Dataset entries
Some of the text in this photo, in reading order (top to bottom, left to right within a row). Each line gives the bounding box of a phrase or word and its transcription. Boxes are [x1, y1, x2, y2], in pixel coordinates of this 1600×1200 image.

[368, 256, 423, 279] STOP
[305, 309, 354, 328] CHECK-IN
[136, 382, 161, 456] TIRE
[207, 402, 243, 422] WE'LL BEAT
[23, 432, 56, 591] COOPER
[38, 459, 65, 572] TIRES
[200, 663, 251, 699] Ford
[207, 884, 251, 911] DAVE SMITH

(AIM OF THE TASK) Repeat every entry exactly as written above.

(RESPONSE AREA)
Some of the text in this photo, in reading order (top to bottom, left to right within a row). Each line gives the bounding box of a phrase or word and its transcription. Boxes are [x1, y1, x2, y2], in pixel coordinates of this 1600×1200 image.

[368, 256, 423, 279] STOP
[305, 309, 354, 328] CHECK-IN
[136, 382, 161, 456] TIRE
[207, 402, 243, 422] WE'LL BEAT
[23, 432, 56, 591] COOPER
[38, 459, 65, 572] TIRES
[200, 663, 251, 699] Ford
[207, 884, 251, 911] DAVE SMITH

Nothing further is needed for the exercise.